The word harem comes from the Arabic “Maharem,” which means “sacred or forbidden,” and no Oriental word has been more misunderstood. It does not mean a collection of wives; it is simply applied to those rooms in a Turkish house exclusively reserved for the use of the women. Only a blood relation may come there to visit the lady of the house, and in many cases even cousins are not admitted. There is as much sense in asking an Englishman if he has a boudoir as in asking a Turk if he has a harem; and to think that when I stayed in Turkey, our afternoon’s impropriety consisted of looking through the latticed windows! The first Bey who passed was to be for me, the second for Fathma, and the third for Selma; this was one of our favourite games in the harem. One day I remember in the country we waited an hour for my Bey to pass, and after all he was not a Bey, but a fat old man carrying water.

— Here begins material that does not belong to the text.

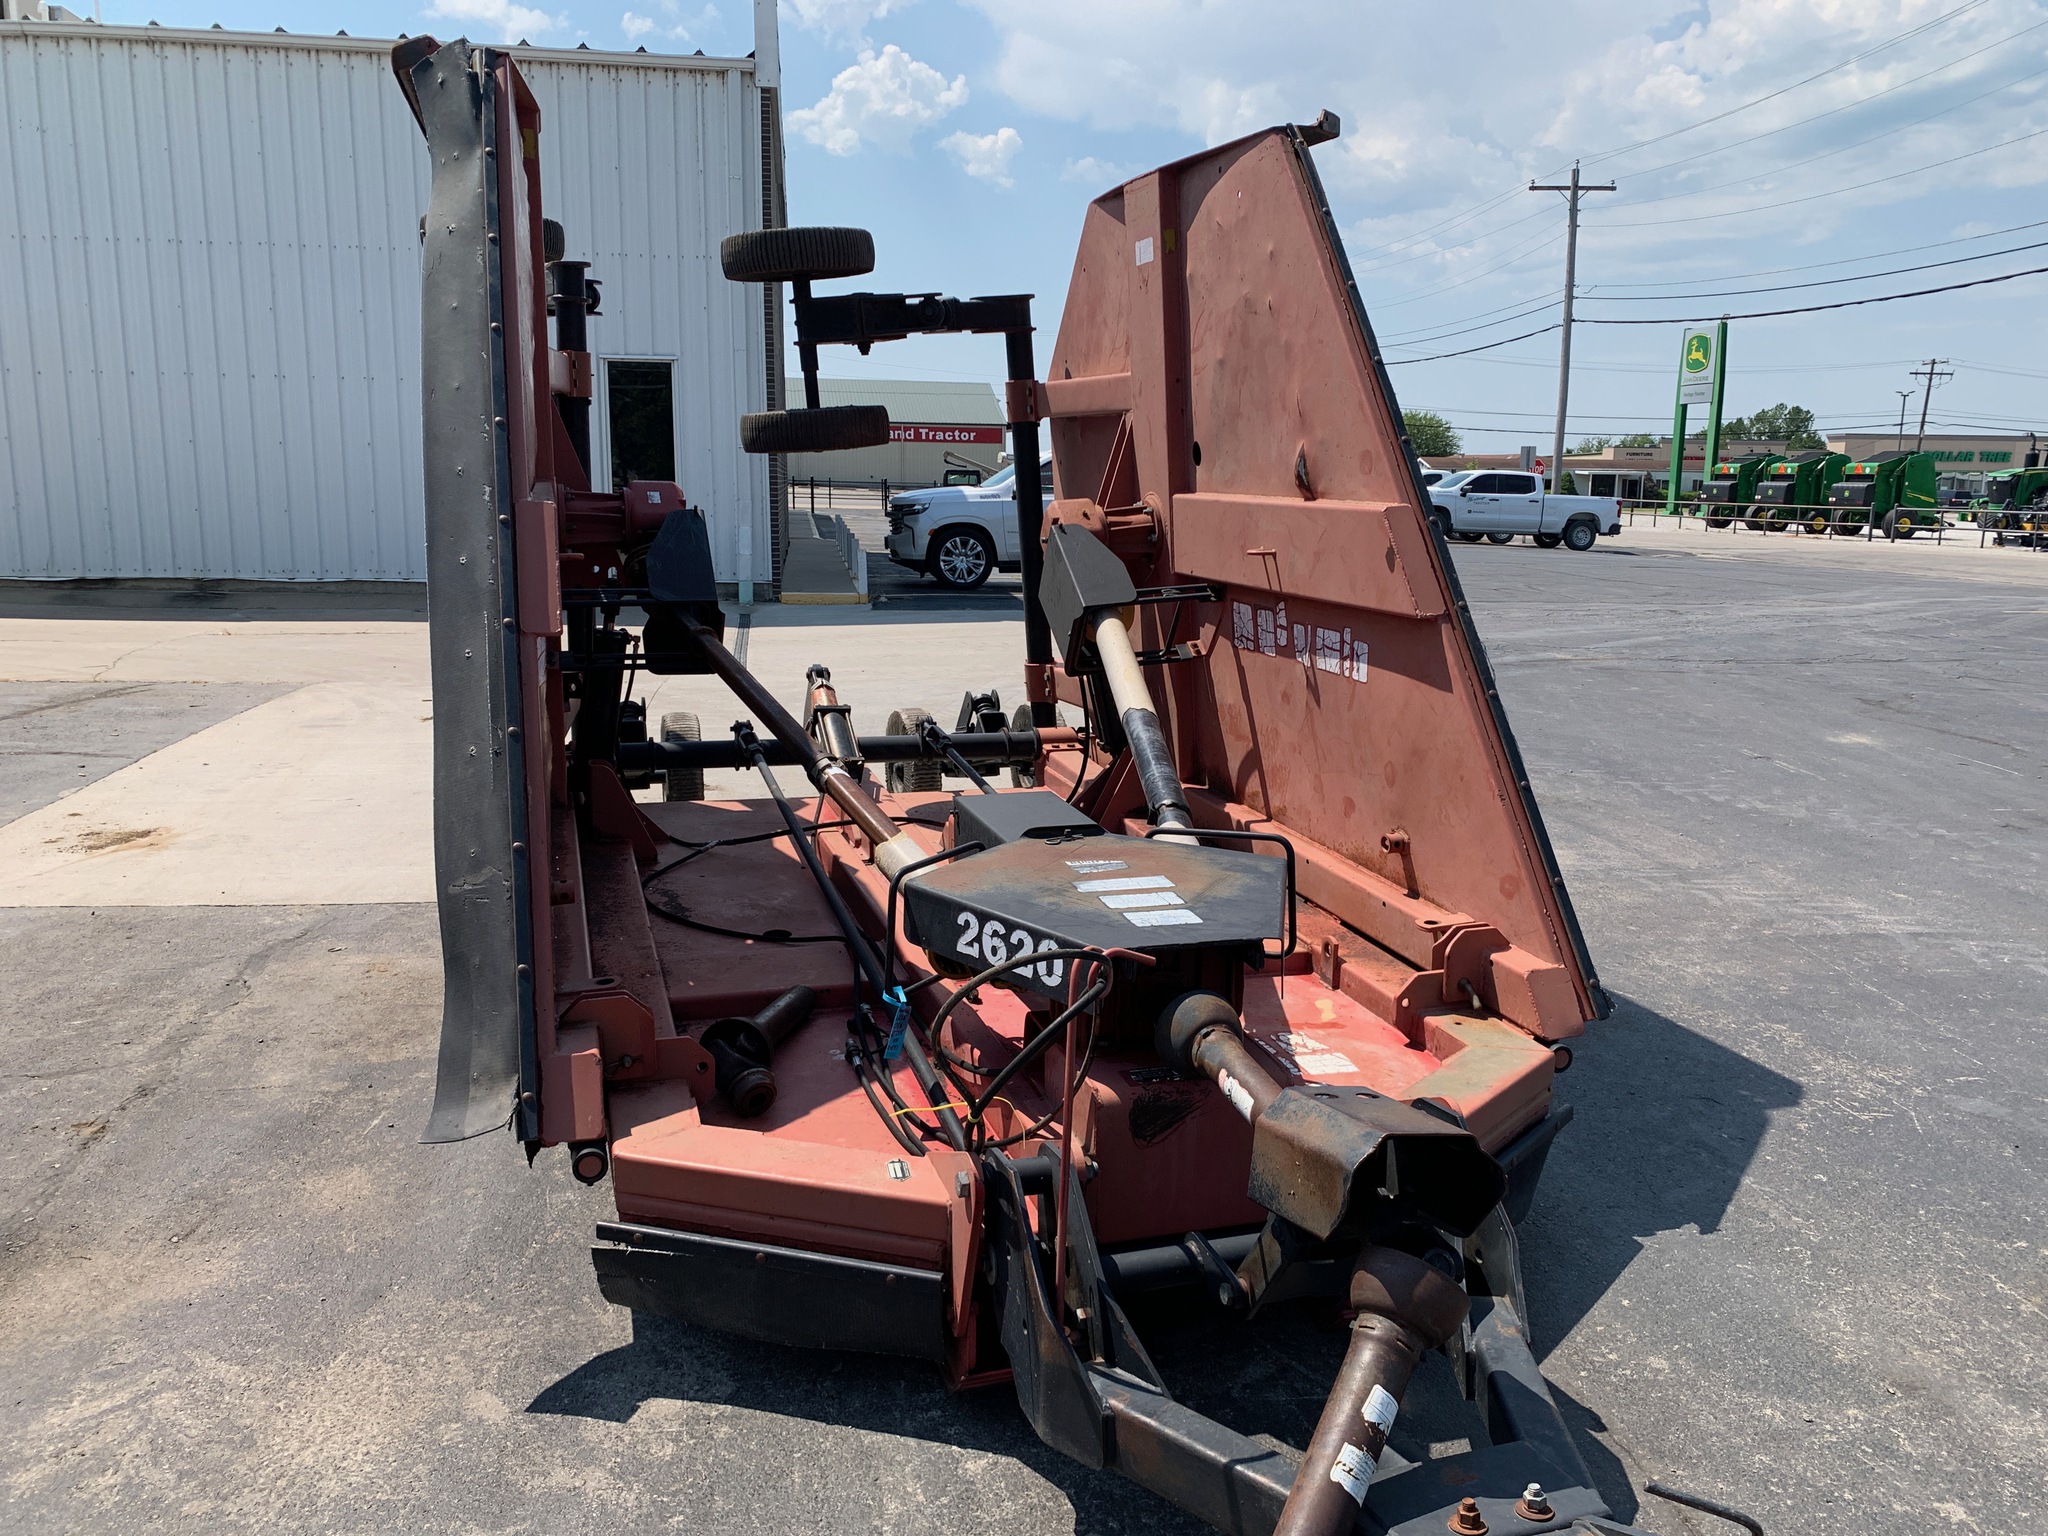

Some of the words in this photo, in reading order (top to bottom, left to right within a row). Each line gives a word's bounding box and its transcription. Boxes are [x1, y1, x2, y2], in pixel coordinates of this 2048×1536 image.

[919, 428, 976, 441] Tractor
[1980, 451, 2012, 462] TREE
[956, 911, 1064, 987] 2620

The time has not yet come for the Turkish woman to vindicate her right to freedom; it cannot come by a mere change of law, and it is a cruelty on the part of Europeans to encourage them to adopt Western habits which are a part of a general system derived from a totally different process of evolution.

In the development of modern Turkey, the Turkish woman has already played a great part, and she has a great part still to play in the creation of a new civilisation; but present experience has shown that no servile imitation of the West will redeem Turkey from the evils of centuries of patriarchal servitude.

*****

By a strange irony of fate, it was at Fontainebleau that I first made the acquaintance of Pierre Loti’s heroines. To me every inch of Fontainebleau was instinct with memories of happiness and liberty. It was here that Francis I. practised a magnificence which dazzled Europe; here, too, is the wonderful wide forest of trees which are still there to listen to the same old story.... From a Turkish harem to Fontainebleau. What a change indeed!

The two sisters were sitting on the verandah of their villa when I arrived. Zeyneb had been at death’s door; she looked as if she were there still.

“Why did you not come to lunch?” asked Melek.

“I was not invited,” I answered.

“Well, you might have come all the same.”